To Prepare: Use whole or crushed garlic and place directly into their tunnels. The odor of garlic is very strong to their sensitive nose and this will encourage them abandon the area. Garlic plants also work as a great deterrent so planting garlic as a companion plant is helpful to eliminate a mole or vole problem before it even begins. Using garlic water for plants can also work as a tonic that seeps into the soil and disrupts the harmful denizens that may abide there. Gophers, moles and voles will avoid digging in dirt that is treated with garlic water. The recipe for garlic water is located at the bottom of the page.

Garlic water for pests:

Aphids, stink bugs and harlequin cabbage bugs can really destroy crops around the garden. To help keep pests off plants use a spritzer bottle and garlic water to douse plants before or during an infestation. Garlic has many positive properties that bugs (and some people) do not like. Garlic water is an easy and simple way to rid your plants of pests without using harmful chemicals that may be toxic or may leech into the ground water.

Organic gardening is about using natural products to produce food that is chemical free. Using garlic water is a great way to maximize crop production without relying on chemicals. 

Standard garlic water recipe:

6-cloves of garlic peeled and sliced fine.

2-quarts of tap water or purified water.

1 TBLS natural soap (castile is a good brand)

1 Spritzer bottle.

1 Mason Jar with lid ( recycled jar works fine too)

In a sauce pot, warm water until it begins to steam. Add sliced garlic and maintain temperature for 20 minutes. Allow water to cool, Remove garlic from water and discard (compost.) Add soap to spritzer bottle. Using a funnel add enough water to fill the spritzer bottle almost full but leave at least 1/2 inch of room. Put the lid on the spritzer bottle and shake slightly when ready to use. Spray plants early in the morning or in the evening time after the hottest part of the day has past. Several applications may be needed. Avoid using the spray on hot days as the liquid and sunlight may burn the plants. Extra liquid can be stored in the jar in the fridge for up to two weeks.

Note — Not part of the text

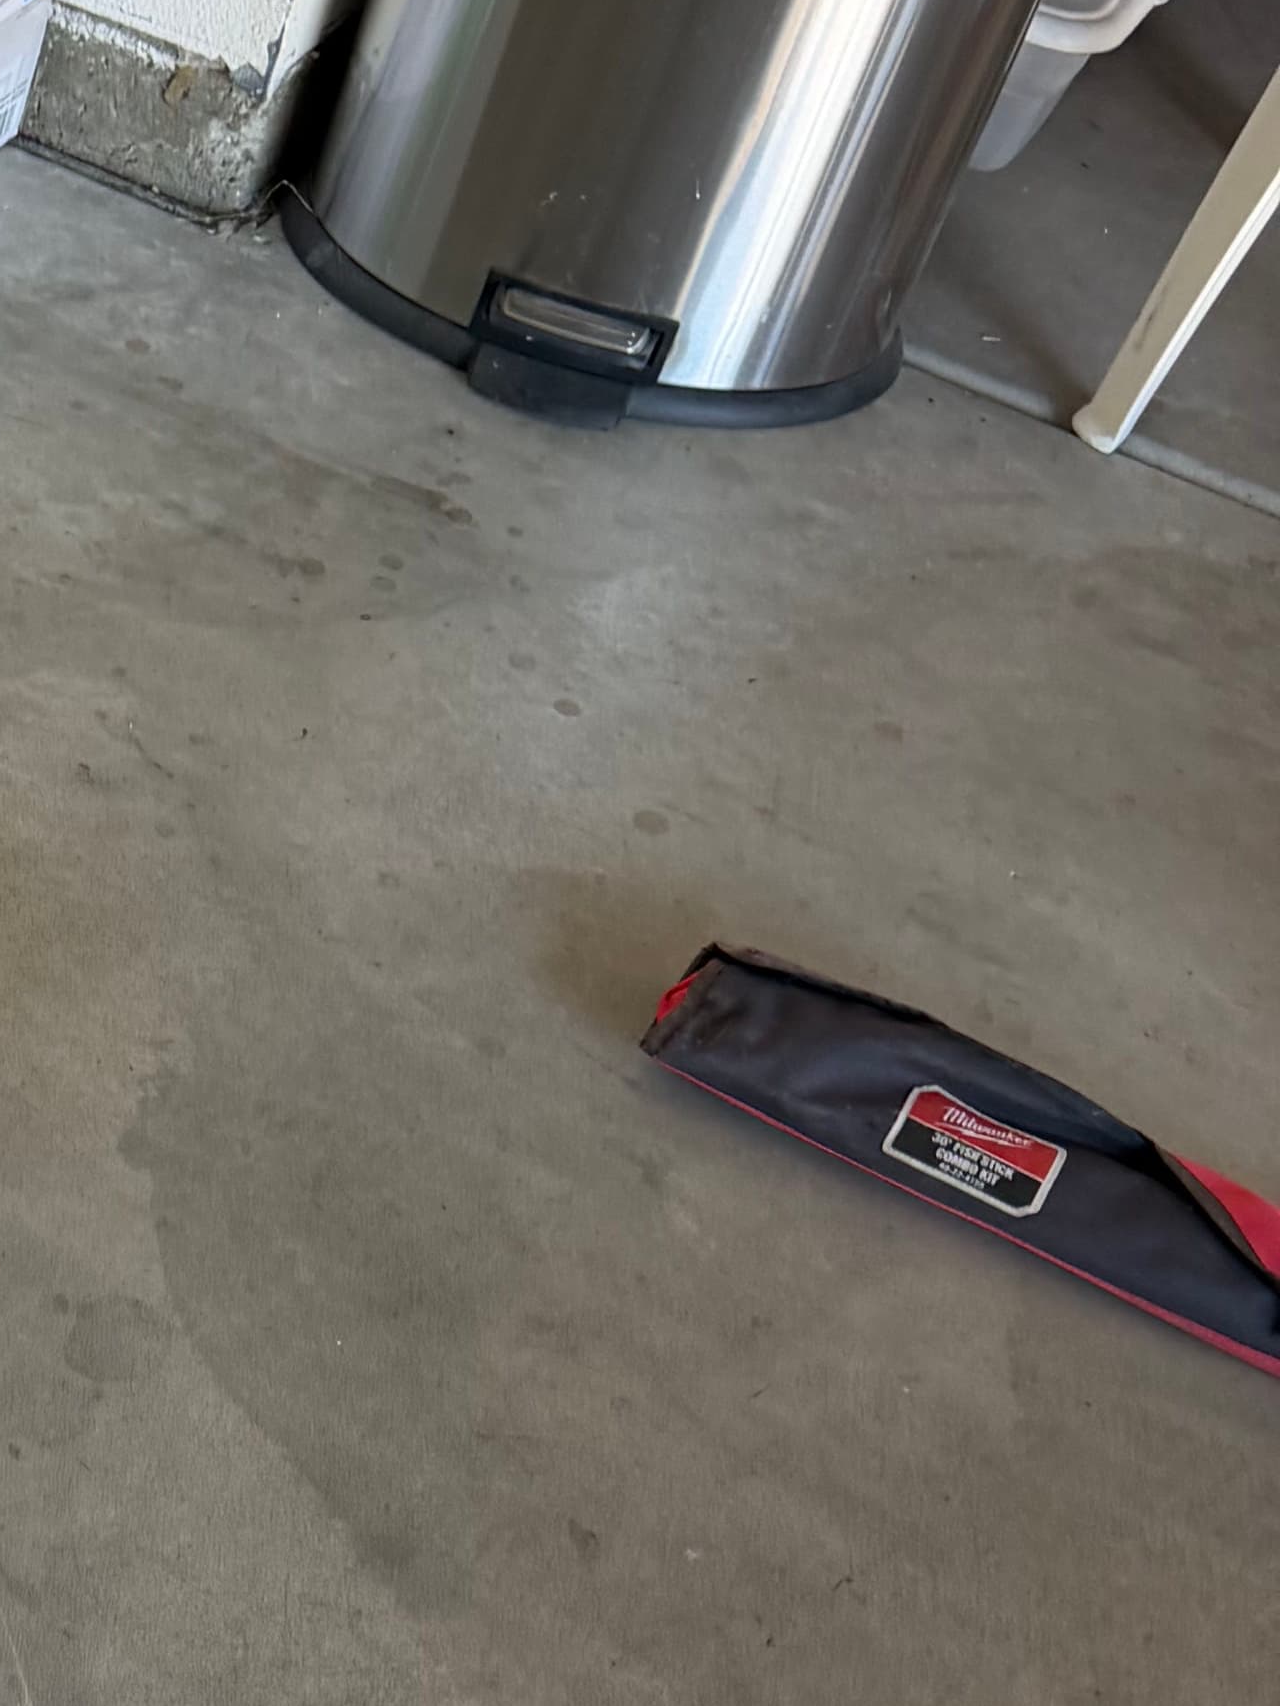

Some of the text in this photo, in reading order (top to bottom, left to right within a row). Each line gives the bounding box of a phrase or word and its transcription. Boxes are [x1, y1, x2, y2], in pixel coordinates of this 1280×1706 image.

Improved garlic water recipe for plants:

6-cloves of garlic peeled and sliced fine.

2- Hot Peppers Chopped fine.

2-quarts of tap water or purified water.

1 TBLS natural soap (castile is a good brand)

1 Spritzer bottle.

1 Mason Jar with lid ( recycled jar works fine too)

In a sauce pot, warm water until it begins to steam. Add sliced garlic and hot peppers and maintain temperature for 20 minutes. Allow water to cool, Remove garlic and peppers from water (strain if needed) and discard (compost.) Add soap to spritzer bottle. Using a funnel add enough water to fill the spritzer bottle almost full but leave at least 1/2 inch of room. Put the lid on the spritzer bottle and shake slightly when ready to use. Spray plants early in the morning or in the evening time after the hottest part of the day has past. Several applications may be needed. Avoid using the spray on hot days as the liquid and sunlight may burn the plants. Store excess liquid in the mason jar with a lid on it. Water can be stored in the fridge for up to two weeks. Wear gloves and goggles when using this spray it can cause blister on sensitive skin and cause significant eye damage if you should get it in your eyes. Wash hands thoroughly when finished. KEEP OUT OF REACH OF CHILDREN:

Using natural insecticides:

Using natural insecticides is a positive and beneficial way to grow a healthy garden and take care of the environment. In the 1950's, DDT was very popular as an insecticide and was sold over the counter. The result was cancer and DDT was removed from the market. Chemicals that are safe today may not be safe tomorrow. Do yourself the favor and avoid them when you can. These natural insecticides work well and help to alleviate many garden pests. Enjoy your garden and please feel free to leave a comment or ask a question.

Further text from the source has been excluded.